__Extracted information__:
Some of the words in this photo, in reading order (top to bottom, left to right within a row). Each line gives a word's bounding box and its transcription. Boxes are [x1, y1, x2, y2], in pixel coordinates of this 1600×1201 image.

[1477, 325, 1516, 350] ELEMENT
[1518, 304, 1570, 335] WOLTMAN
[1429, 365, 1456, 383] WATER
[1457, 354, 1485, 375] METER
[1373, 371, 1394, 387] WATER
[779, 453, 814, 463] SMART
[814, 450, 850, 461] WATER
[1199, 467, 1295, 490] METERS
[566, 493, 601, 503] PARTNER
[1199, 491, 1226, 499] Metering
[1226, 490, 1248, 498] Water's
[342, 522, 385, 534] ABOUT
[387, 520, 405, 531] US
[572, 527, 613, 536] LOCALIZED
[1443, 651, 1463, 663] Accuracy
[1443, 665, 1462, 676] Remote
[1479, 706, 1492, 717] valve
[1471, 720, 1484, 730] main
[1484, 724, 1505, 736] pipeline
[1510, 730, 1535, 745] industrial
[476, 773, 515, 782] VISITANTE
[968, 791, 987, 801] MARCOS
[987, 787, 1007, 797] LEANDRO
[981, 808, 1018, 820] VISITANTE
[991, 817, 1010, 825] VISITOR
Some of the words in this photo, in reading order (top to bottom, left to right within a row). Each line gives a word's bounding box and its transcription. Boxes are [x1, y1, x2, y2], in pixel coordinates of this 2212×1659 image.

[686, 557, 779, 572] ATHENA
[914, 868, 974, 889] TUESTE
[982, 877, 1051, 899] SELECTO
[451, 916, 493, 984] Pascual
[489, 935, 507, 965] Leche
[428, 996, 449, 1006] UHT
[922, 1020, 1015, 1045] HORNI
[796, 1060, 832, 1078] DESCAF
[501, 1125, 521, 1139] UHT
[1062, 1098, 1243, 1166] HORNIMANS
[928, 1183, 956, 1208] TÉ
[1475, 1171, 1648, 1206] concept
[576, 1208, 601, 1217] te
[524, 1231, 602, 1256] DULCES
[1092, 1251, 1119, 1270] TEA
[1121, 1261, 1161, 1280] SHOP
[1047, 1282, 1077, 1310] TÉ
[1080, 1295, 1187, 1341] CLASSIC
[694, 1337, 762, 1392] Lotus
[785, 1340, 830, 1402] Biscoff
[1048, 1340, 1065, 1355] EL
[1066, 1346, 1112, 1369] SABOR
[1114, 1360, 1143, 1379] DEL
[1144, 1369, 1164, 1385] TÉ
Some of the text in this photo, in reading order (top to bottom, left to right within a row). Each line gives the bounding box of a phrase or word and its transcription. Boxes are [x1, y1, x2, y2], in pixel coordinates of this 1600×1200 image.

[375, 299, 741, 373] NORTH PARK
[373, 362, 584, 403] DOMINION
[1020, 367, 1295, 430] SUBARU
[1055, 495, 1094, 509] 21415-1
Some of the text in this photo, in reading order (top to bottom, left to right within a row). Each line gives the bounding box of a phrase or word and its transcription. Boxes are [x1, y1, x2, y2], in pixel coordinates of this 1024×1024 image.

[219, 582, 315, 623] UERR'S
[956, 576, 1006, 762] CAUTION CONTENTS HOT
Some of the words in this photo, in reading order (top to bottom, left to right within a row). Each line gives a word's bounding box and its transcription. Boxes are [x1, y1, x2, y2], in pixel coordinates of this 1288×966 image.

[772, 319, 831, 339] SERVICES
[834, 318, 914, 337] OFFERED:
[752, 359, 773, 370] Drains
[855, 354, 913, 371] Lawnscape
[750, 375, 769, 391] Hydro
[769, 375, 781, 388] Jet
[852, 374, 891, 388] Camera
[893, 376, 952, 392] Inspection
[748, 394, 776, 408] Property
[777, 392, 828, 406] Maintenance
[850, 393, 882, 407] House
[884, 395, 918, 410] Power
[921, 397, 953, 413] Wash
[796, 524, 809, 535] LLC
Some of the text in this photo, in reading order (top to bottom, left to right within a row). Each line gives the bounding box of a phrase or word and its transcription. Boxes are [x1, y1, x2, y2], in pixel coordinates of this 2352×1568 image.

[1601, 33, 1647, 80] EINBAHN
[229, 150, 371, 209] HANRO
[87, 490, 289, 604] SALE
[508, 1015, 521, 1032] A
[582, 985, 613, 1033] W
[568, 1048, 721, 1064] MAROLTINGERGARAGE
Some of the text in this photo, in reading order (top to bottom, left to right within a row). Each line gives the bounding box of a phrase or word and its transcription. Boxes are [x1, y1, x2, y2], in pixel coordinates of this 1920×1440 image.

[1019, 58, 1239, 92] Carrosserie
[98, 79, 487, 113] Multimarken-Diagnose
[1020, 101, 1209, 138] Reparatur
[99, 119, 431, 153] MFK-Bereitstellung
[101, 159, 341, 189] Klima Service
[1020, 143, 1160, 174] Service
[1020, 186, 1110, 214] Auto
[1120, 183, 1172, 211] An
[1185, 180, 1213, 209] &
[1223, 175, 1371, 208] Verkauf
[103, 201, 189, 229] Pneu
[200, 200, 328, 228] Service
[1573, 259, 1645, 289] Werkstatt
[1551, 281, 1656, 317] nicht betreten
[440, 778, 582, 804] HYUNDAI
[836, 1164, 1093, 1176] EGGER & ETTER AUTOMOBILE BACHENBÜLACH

__The task__: Set out exactly the lines from the one bearing "this 2352×1568 image." through the end of the data, including both ends and omitting all others.

__Exercise output__:
Some of the text in this photo, in reading order (top to bottom, left to right within a row). Each line gives the bounding box of a phrase or word and its transcription. Boxes are [x1, y1, x2, y2], in pixel coordinates of this 2352×1568 image.

[1601, 33, 1647, 80] EINBAHN
[229, 150, 371, 209] HANRO
[87, 490, 289, 604] SALE
[508, 1015, 521, 1032] A
[582, 985, 613, 1033] W
[568, 1048, 721, 1064] MAROLTINGERGARAGE
Some of the text in this photo, in reading order (top to bottom, left to right within a row). Each line gives the bounding box of a phrase or word and its transcription. Boxes are [x1, y1, x2, y2], in pixel coordinates of this 1920×1440 image.

[1019, 58, 1239, 92] Carrosserie
[98, 79, 487, 113] Multimarken-Diagnose
[1020, 101, 1209, 138] Reparatur
[99, 119, 431, 153] MFK-Bereitstellung
[101, 159, 341, 189] Klima Service
[1020, 143, 1160, 174] Service
[1020, 186, 1110, 214] Auto
[1120, 183, 1172, 211] An
[1185, 180, 1213, 209] &
[1223, 175, 1371, 208] Verkauf
[103, 201, 189, 229] Pneu
[200, 200, 328, 228] Service
[1573, 259, 1645, 289] Werkstatt
[1551, 281, 1656, 317] nicht betreten
[440, 778, 582, 804] HYUNDAI
[836, 1164, 1093, 1176] EGGER & ETTER AUTOMOBILE BACHENBÜLACH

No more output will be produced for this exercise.